2. The artificial intelligence based video image detection system according to claim 1, further comprising a timer (5) and a target execution statistical unit (4) which are disposed at a target site, wherein the timer (5), the monitoring camera (2) at the front end of the target execution statistical unit (4) and the video intelligent monitoring analysis platform (1) at the rear end are respectively connected.
3. The artificial intelligence based video image detection system according to claim 1 or 2, wherein an online report generation module (16) and a presentation unit (17) are arranged on the video intelligent monitoring and analysis platform (1);
the monitoring camera (2) is connected by adopting a Multi-attribute Classification neural network (Multi-task Classification), 14 kinds of data extraction with subdivided attributes are carried out on the divided human body targets, and the 14 kinds of data comprise target age prejudgment, angle, gender, bag type, hat, whether articles are carried in front of the body, trousers, bags, shoes, jacket style, glasses, mask, jacket color and under-garment color data.

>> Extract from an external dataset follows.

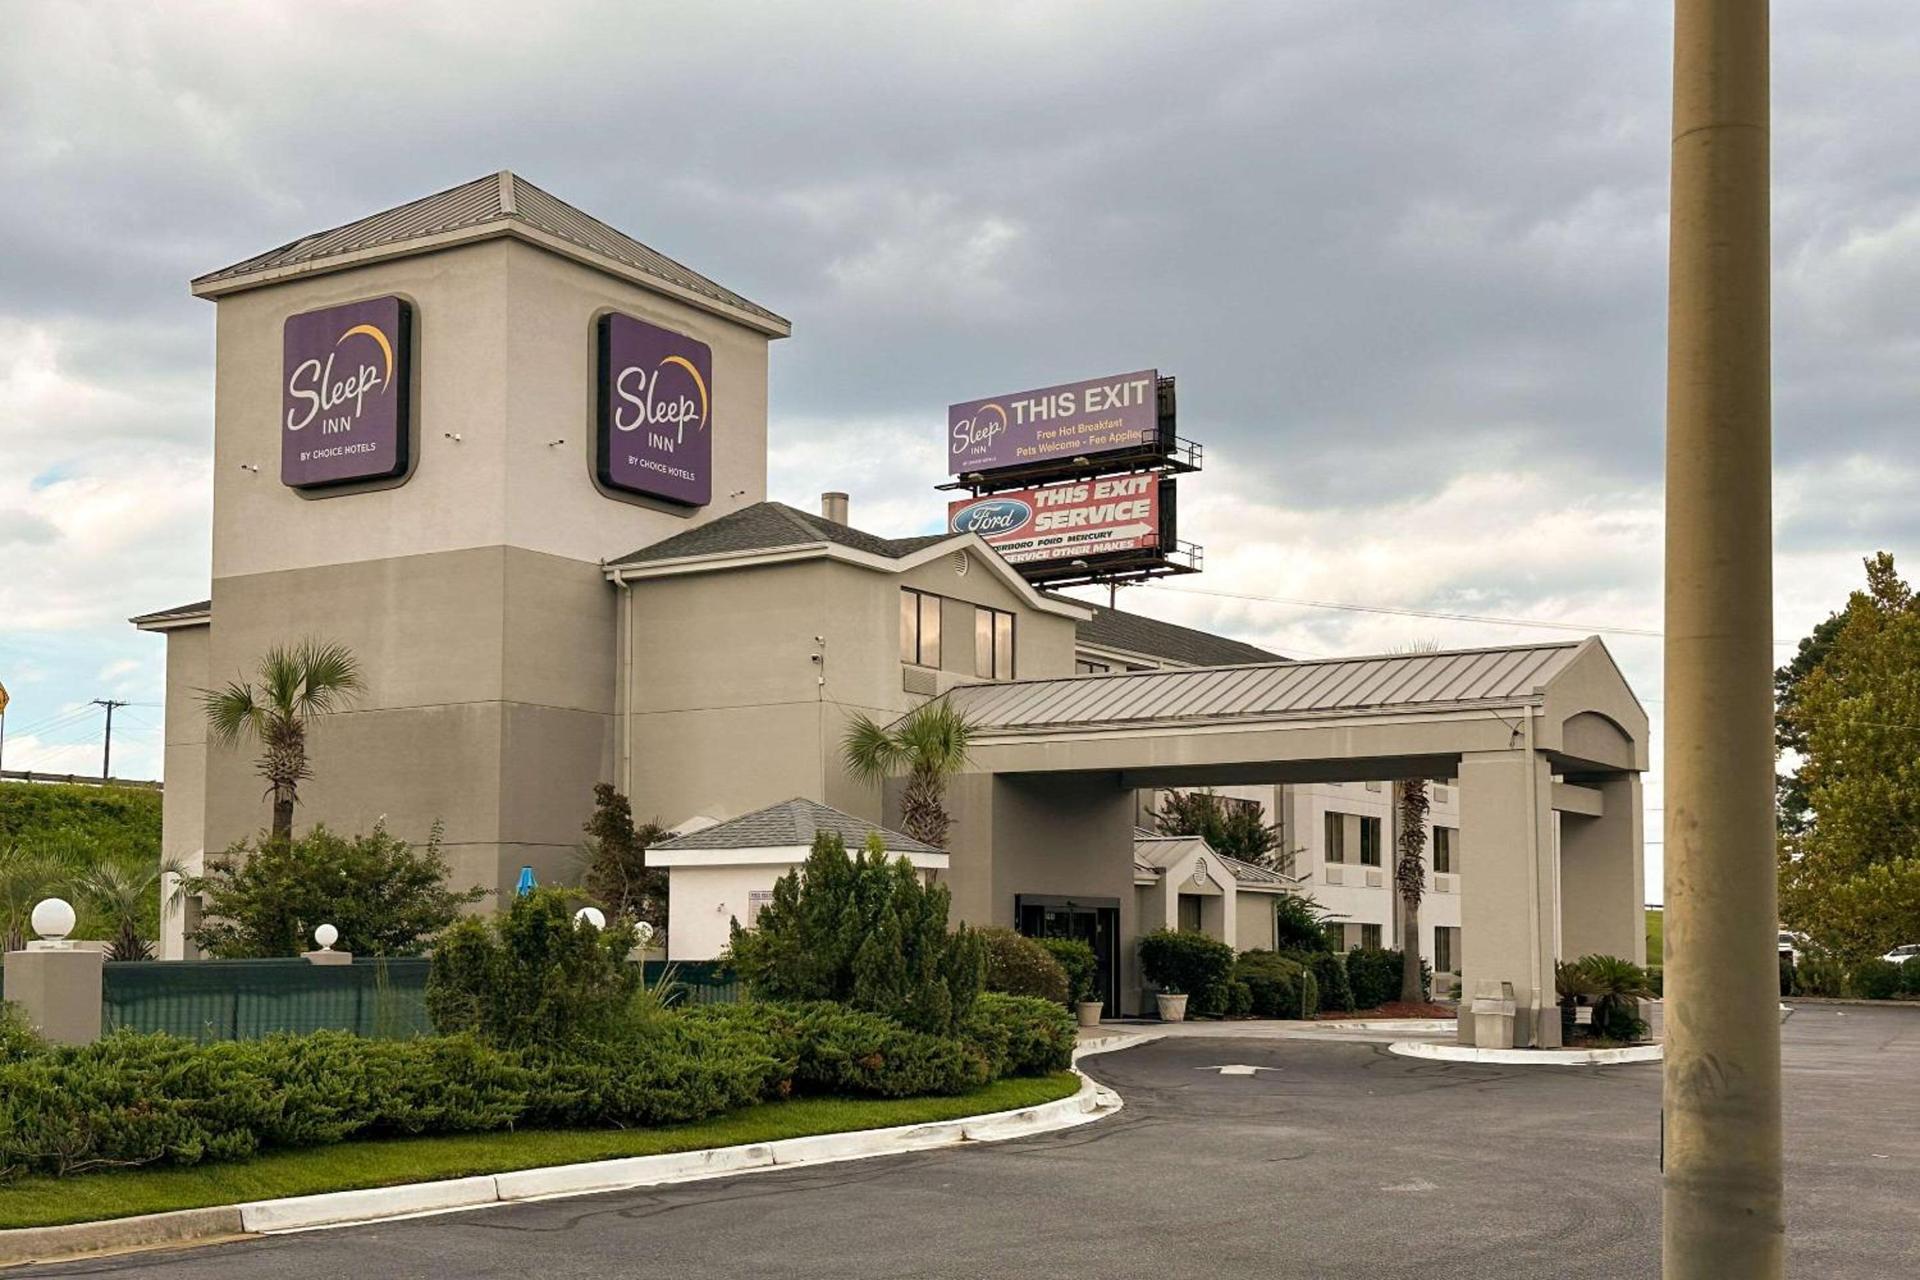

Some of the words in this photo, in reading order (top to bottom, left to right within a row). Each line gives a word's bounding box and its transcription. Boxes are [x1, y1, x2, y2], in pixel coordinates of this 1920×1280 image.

4. An artificial intelligence based video image detection system according to claim 2, wherein the execution of the target execution statistics unit (4) comprises: service execution duration data analysis based on the target execution statistics unit (4) statistics; and then, a statistical unit (4) is executed based on the target to analyze the passenger flow data of the new retail area: and then performing a statistical unit (4) analysis of the specific customer data based on the target; a specific client data non-execution alarm module (4a) is arranged on the target execution statistical unit (4).
5. An artificial intelligence based video image detection system according to claim 4, wherein the execution of the target execution statistics unit (4) further comprises: and performing the identification of the non-specification data by the statistical unit (4) based on the target.
6. An artificial intelligence based video image detection system according to claim 1, characterized in that said input (11): the method comprises a Mosaic data enhancement, cmBN and SAT self-confrontation training connecting end; the central processing unit (12): based on the feature extraction network, CSPDarknet53 is adopted, a Mish activation function is used, and Dropblock is adopted in a regularization mode; the individual connection module (14) adopts an SPP module and an FPN + PAN structure, and in the SPP module, the maximum pooling mode of k ═ {1 × 1,5 × 5,9 × 9,13 × 13} is used, and then Concat operation is carried out on feature maps with different scales.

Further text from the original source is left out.